Xamarin.Forms hands on
For some time I wanted to try Xamarin for multi platform mobile app development. Recently I got very basic app idea suggested by a friend and it looked like a perfect excuse to finally try Xamarin. Of course that Microsoft recent acquisition of Xamarin and giving the technology to developers for free gave me more reasons to do it.
Xamarin + Visual Studio
First things first, I installed Xamarin for Visual Studio and created a new project. In the solution there were Android, iOS, Windows 8 Store and Windows Phone 8.1 apps. I can’t say I was surprised that there was no Windows 10 UWP app, even though I read there is support for Xamarin, maybe it’s too early to abandon Windows (Phone) 8. I didn’t read much of a documentation, but rather learned from code. There was one share component in which you can put all the shared stuff, from DB, networks calls to UI written in XAML. Since my app was so basic and I really wanted to make use of write once run everywhere slogan, I wrote a share page in XAML. There were some usual Android struggles, from installing the SDK, setting up the emulators, to java.lang.OutOfMemoryError: Java heap space
error but eventually I got it working. When I realized I was writing C#/XAML code to run on Android it felt like magic, I couldn’t believe this all works. But soon after I decided the app is ready for testing on a device, I just plugged it in and deployed from Visual Studio, it felt so natural. Just to mention I didn’t try iOS because I don’t have an access to a Mac.
OneSignal
My app needed the push notifications service. I already imagined writing a Node.js service for this, but before I started that I investigated about existing services which I could use. OneSignal seemed like a good option, it provided the needed functionality, had good documentation, SDKs for many platforms and was free. I started to work with it, and didn’t regret, I got push notifications working rather quick.
Conclusion
Of course, main disadvantage of Xamarin.Forms is the number of UI controls you have at your disposal. This means Xamarin.Forms can’t really be used for any advanced application with much UI customizations. And that’s OK, for that purpose there’s pure Xamarin where you can write UI natively on each platform. But for what it meant to be, a faster way to build simple apps for multiple platforms or a prototyping tool Xamarin.Forms works really well.

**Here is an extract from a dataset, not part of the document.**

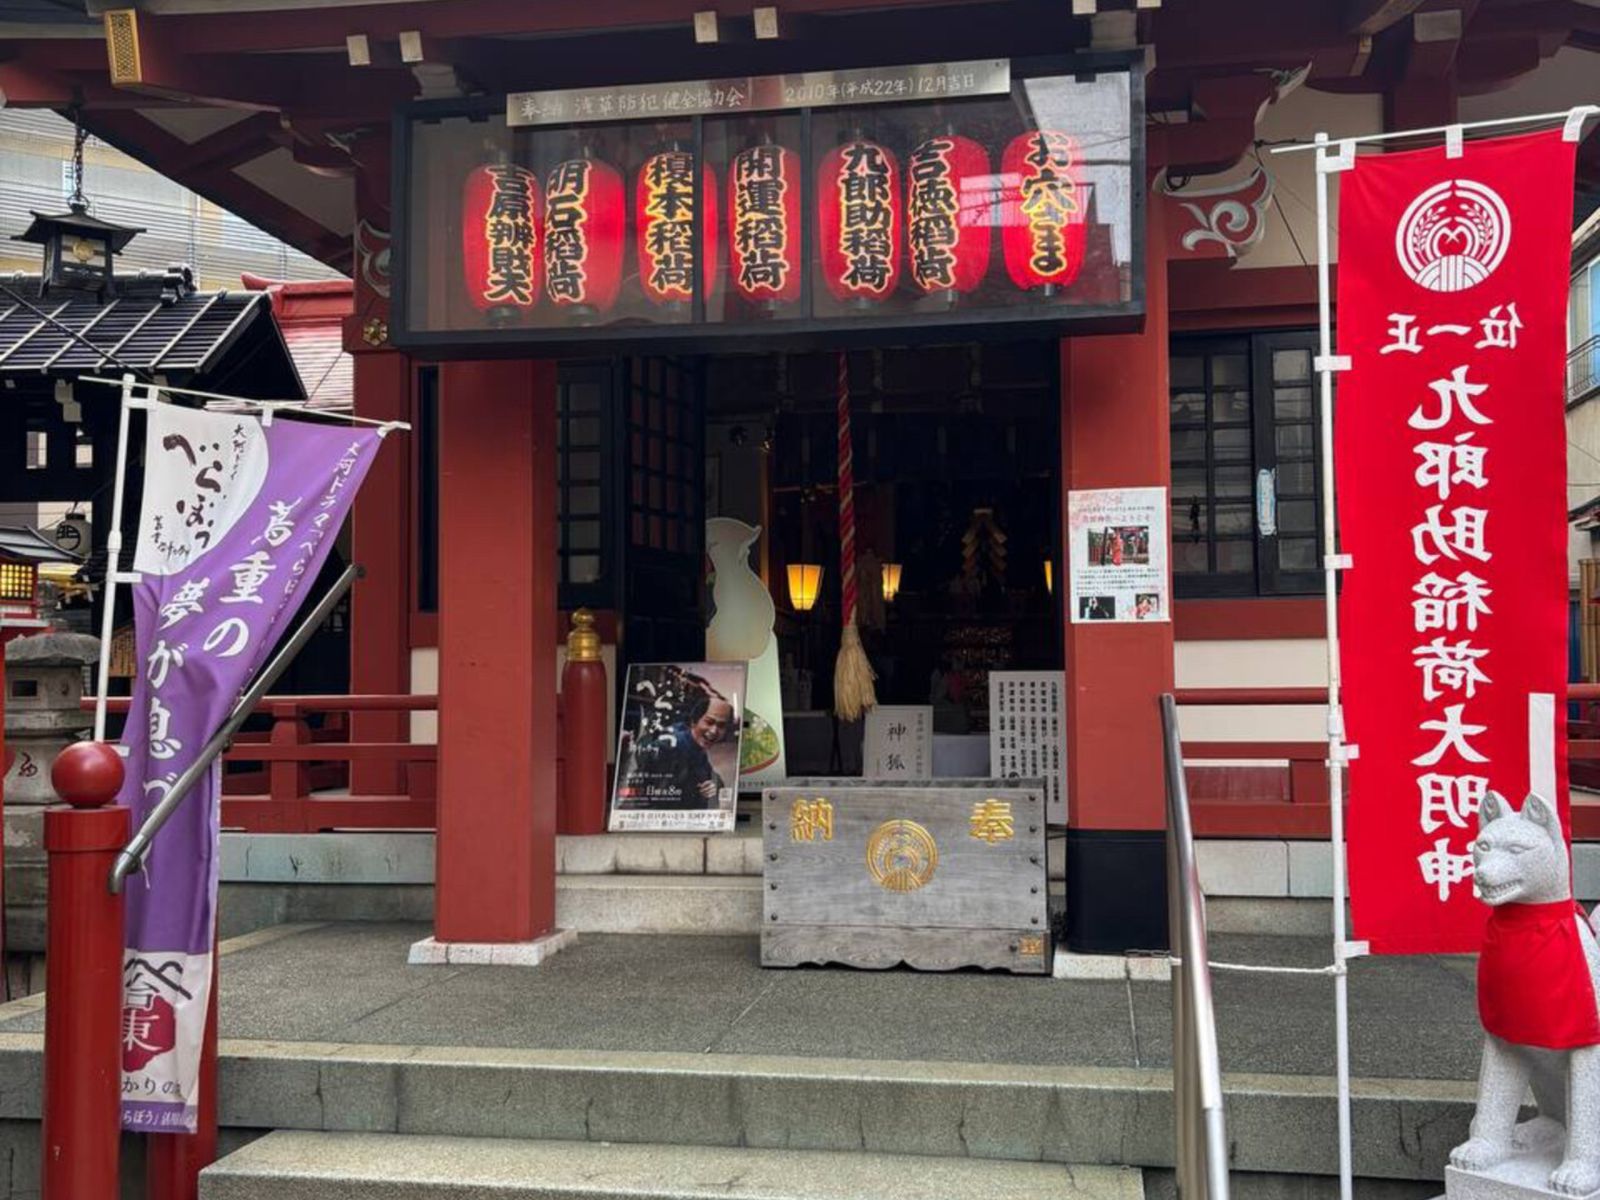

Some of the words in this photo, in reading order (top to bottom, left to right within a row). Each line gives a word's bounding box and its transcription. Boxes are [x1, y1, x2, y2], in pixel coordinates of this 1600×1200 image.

My most negative surprise was that Windows Phone was least supported by Xamarin.Forms. I mean, it’s C#/XAML after all and one would expect it works the best for Windows, but when you think about it you can understand that there’s no reason for Xamarin team to make extra effort to support Windows Phone developers who already can develop using C#/XAML. Their main target is iOS and Android and I think they’ve done a great job implementing all that stuff, from Mono, Google Play Services, I-don’t-know-what for iOS, to UI layer and supporting XAML on all three platforms.